Alice (Dyer) been raised to be a good Catholic girl, but ever since an AOL chat led to self-exploration, the 16-year-old Midwesterner has been been overcome with the desire to masturbate — a habit that she’s been taught to see as a sin that she should repent and regret.
Desperate to seek redemption, Alice attends a religious retreat with the hopes of suppressing her urges.
“Yes, God, Yes” celebrates its teenage protagonist’s sexuality without sexualizing her. Alice is desperately horny, but she’s never portrayed in anything resembling a titillating light.

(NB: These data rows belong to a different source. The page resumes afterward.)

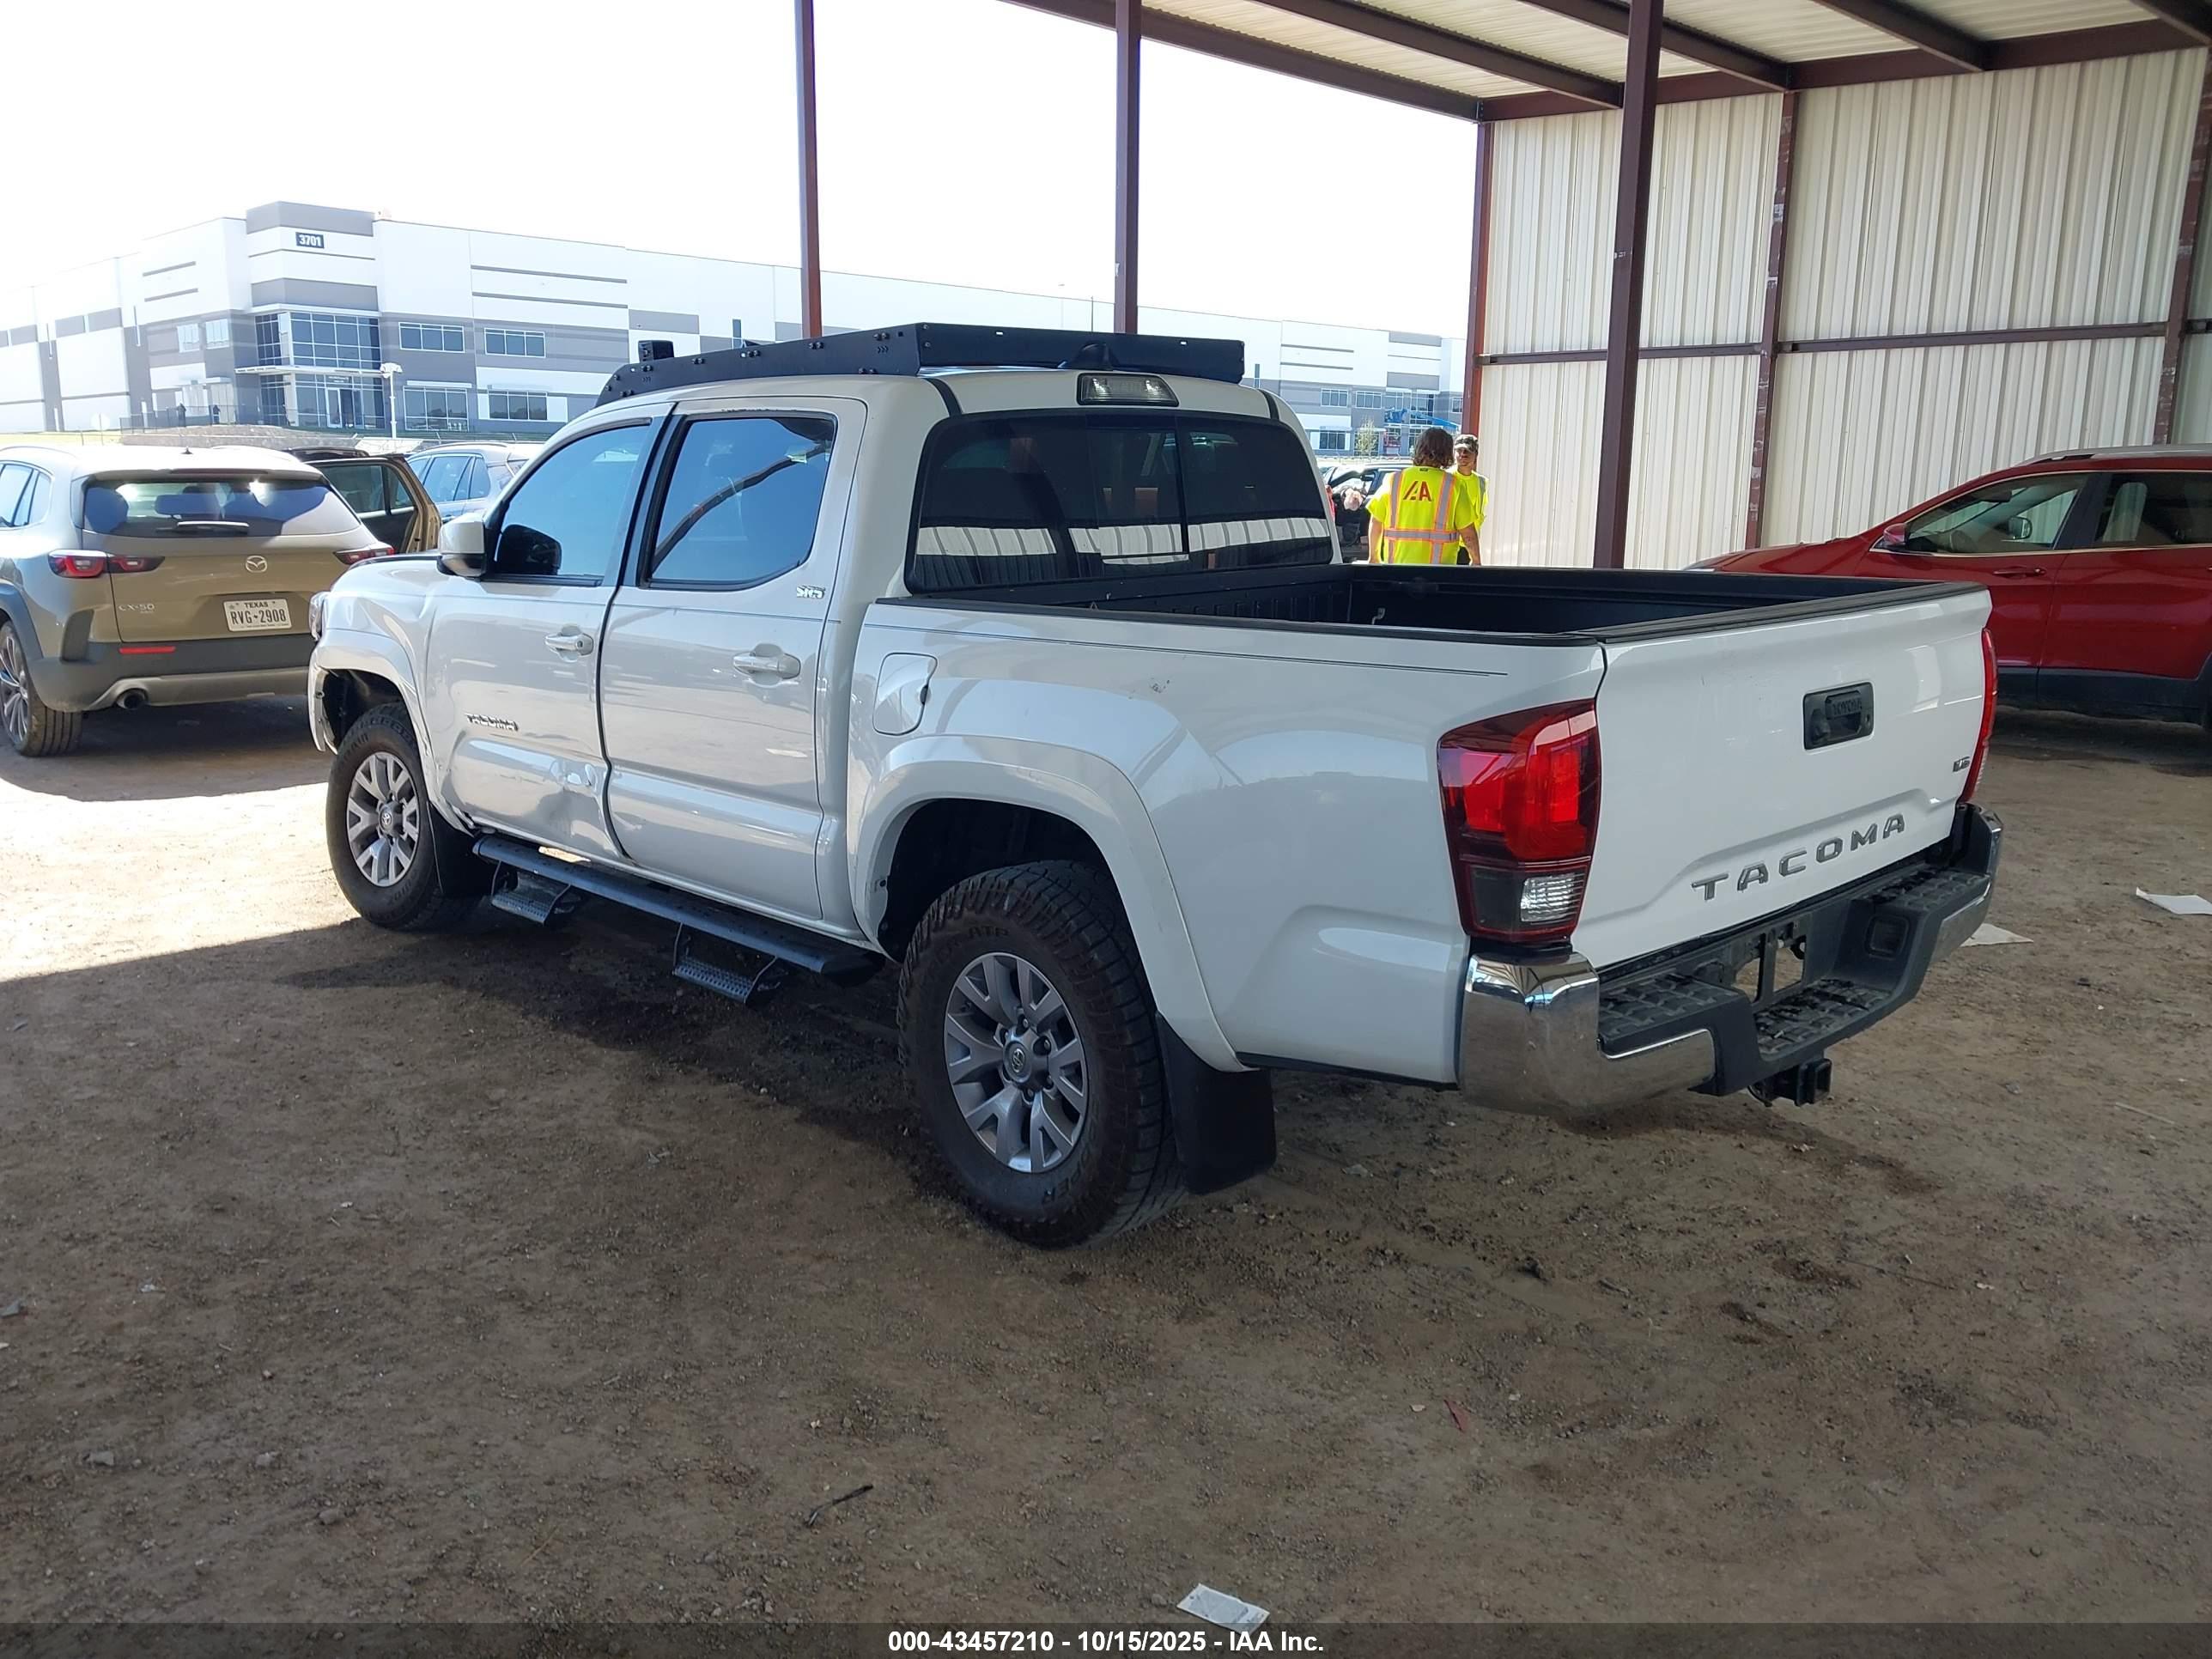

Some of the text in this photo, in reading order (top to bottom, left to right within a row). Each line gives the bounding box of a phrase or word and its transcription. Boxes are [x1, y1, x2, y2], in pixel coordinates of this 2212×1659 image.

[299, 234, 322, 247] 3701
[796, 585, 825, 599] SR5
[1692, 813, 1905, 901] TACOMA
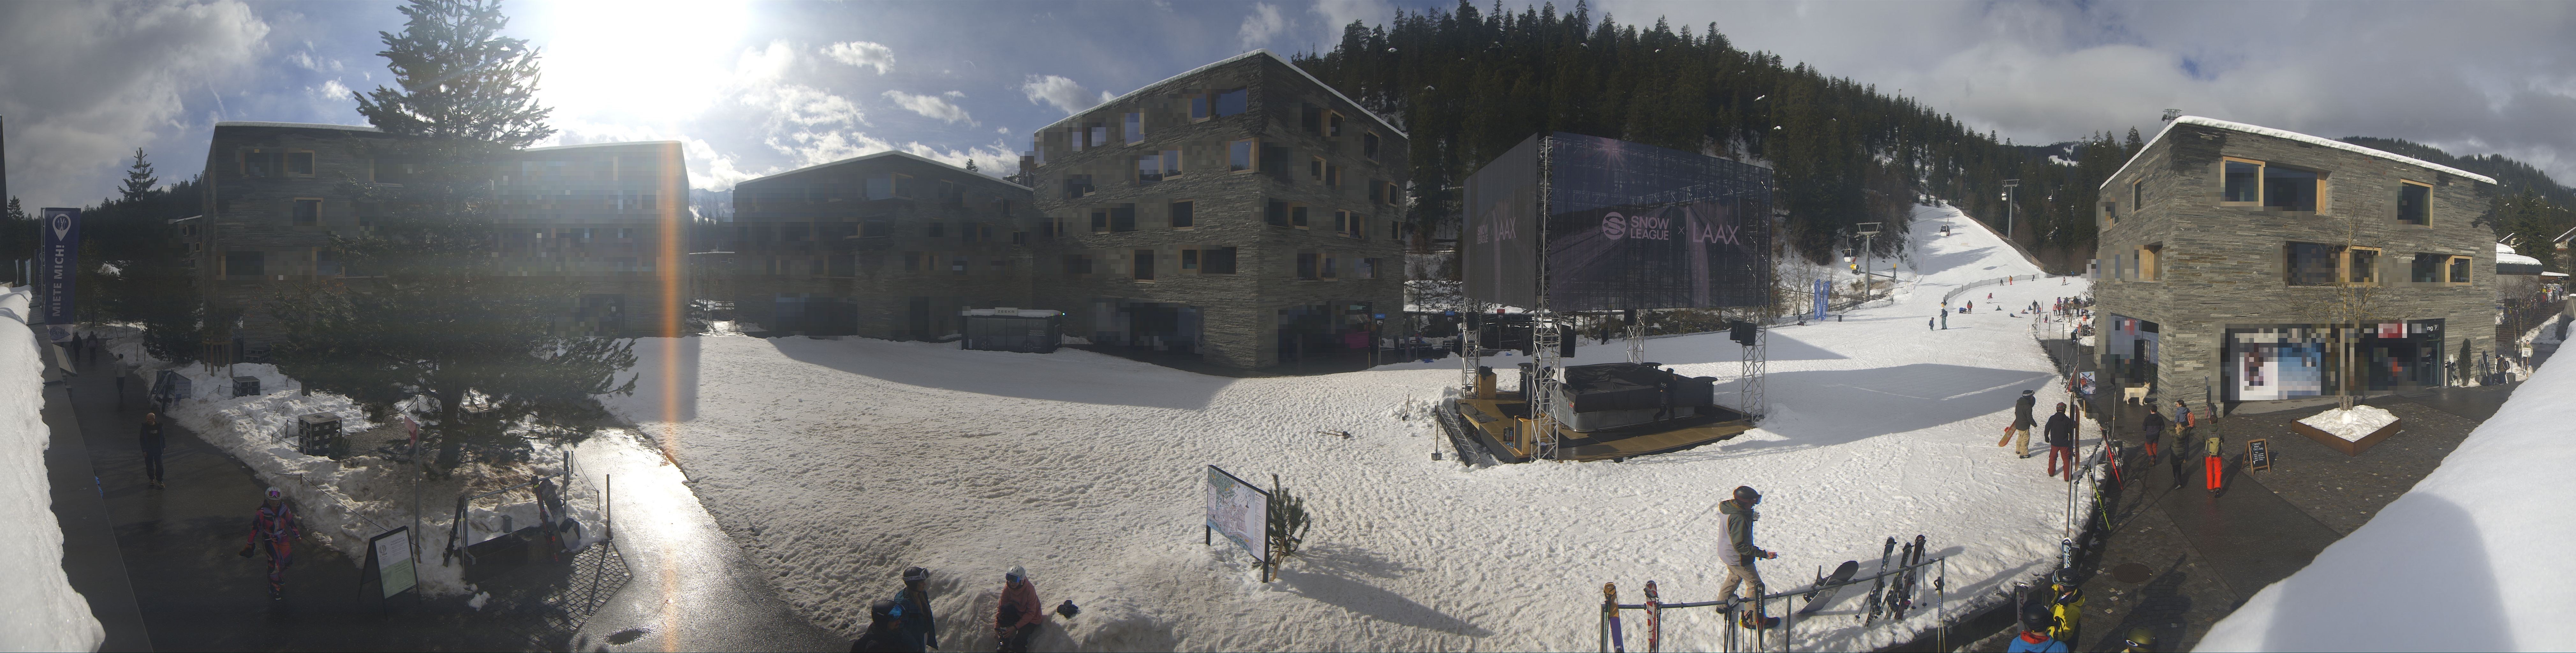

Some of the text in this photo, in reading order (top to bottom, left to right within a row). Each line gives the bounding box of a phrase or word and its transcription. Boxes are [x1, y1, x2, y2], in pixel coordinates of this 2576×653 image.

[1477, 224, 1489, 236] SNOW
[1496, 217, 1516, 241] LAAX
[1630, 216, 1669, 230] SNOW
[1477, 234, 1488, 244] LEAGUE
[1630, 228, 1669, 240] LEAGUE
[1693, 222, 1739, 245] LAAX
[54, 245, 65, 279] MICH!
[53, 283, 62, 317] MIETE
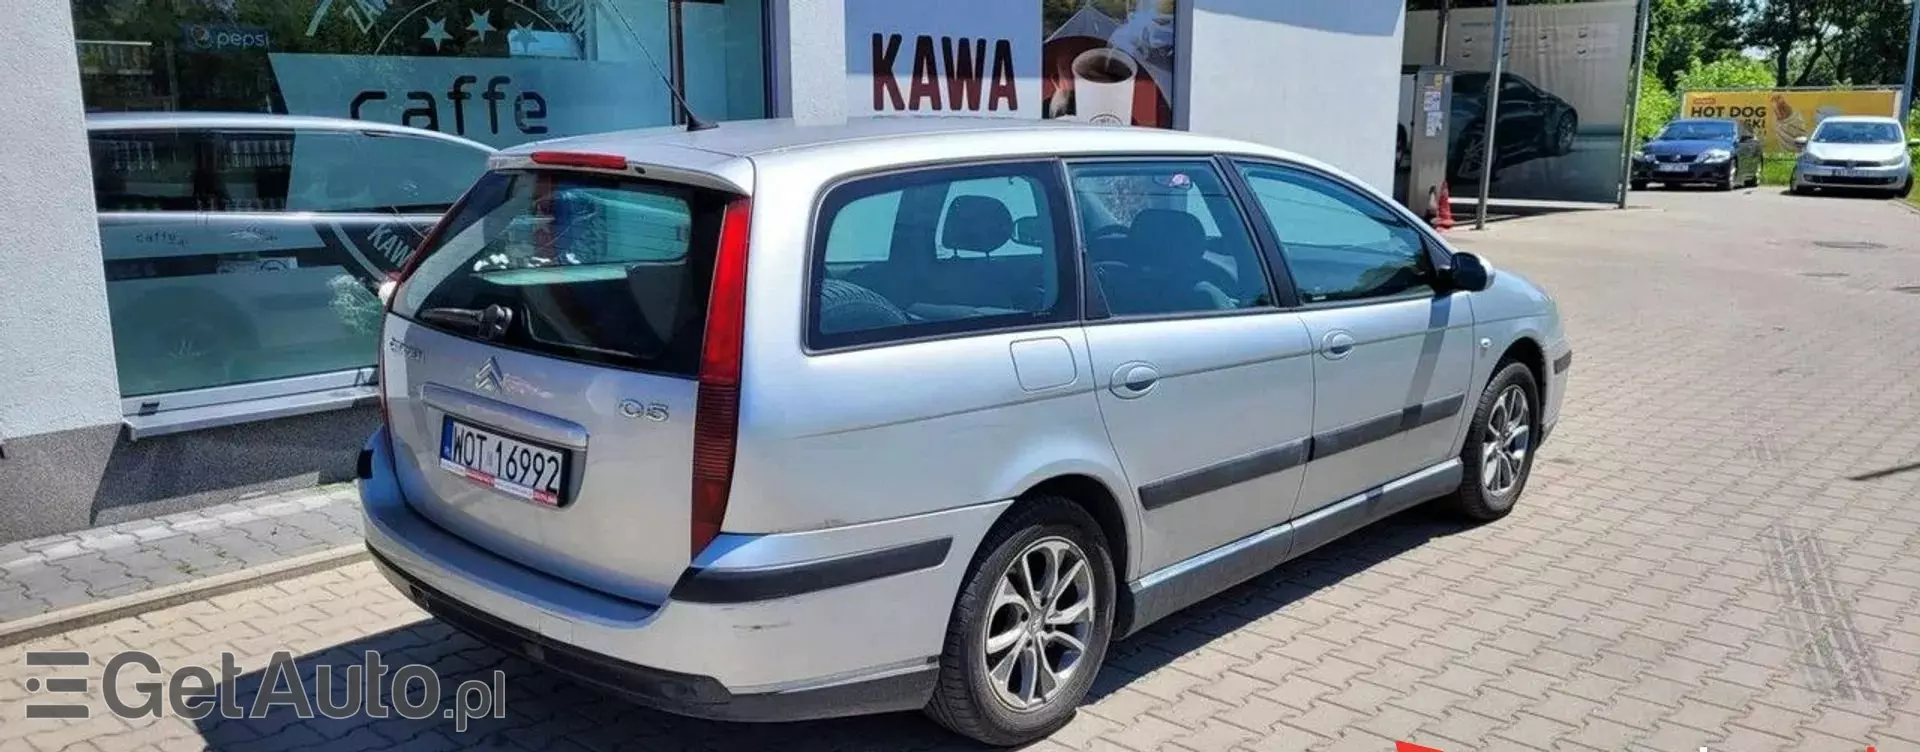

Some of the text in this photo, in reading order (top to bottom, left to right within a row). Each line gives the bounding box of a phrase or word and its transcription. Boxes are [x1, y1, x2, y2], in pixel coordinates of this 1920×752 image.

[217, 31, 269, 49] pepsi
[872, 33, 1018, 111] KAWA
[350, 75, 548, 136] caffe
[1691, 106, 1766, 118] HOT DOG
[618, 398, 670, 422] C5
[453, 426, 488, 471] WOT
[495, 440, 560, 494] 16992

The comedy, which is set in the early 2000s, sees Alice dealing with all sorts of embarrassing situations — including being called out for her bogus claim about rewinding the sex scene in “Titanic” multiple times because she couldn’t hear the dialogue — but it never feels like the movie is mocking her inexperience or repressed desires. It’s both rare and refreshing to see a story about a teenage girl’s nascent sexuality that doesn’t reduce her to the butt of a joke.
“I wanted to make a coming-of-age film focused on female self-pleasure,” Maine told us. “Many films that explore young women coming of age feature partnered sex, which is often depicted as painful and not very much fun. While that is a legitimate narrative,” she conceded, “young women are also exploring their own bodies for the first time at this age, but because there’s a lingering stigma around female sexuality it’s rarely portrayed on screen, even though the same narrative about young men has been shown in film and TV for a very long time. So I wanted to make a film about the female experience in the hopes that female sexual pleasure will become a bigger part of the conversation,” she explained.
Dyer shines in the film, and her delightful performance serves as an important reminder of how underutilized she is in “Stranger Things.”
“Yes, God, Yes” is now available in virtual cinemas and drive-ins and will be released via Digital and VOD July 28.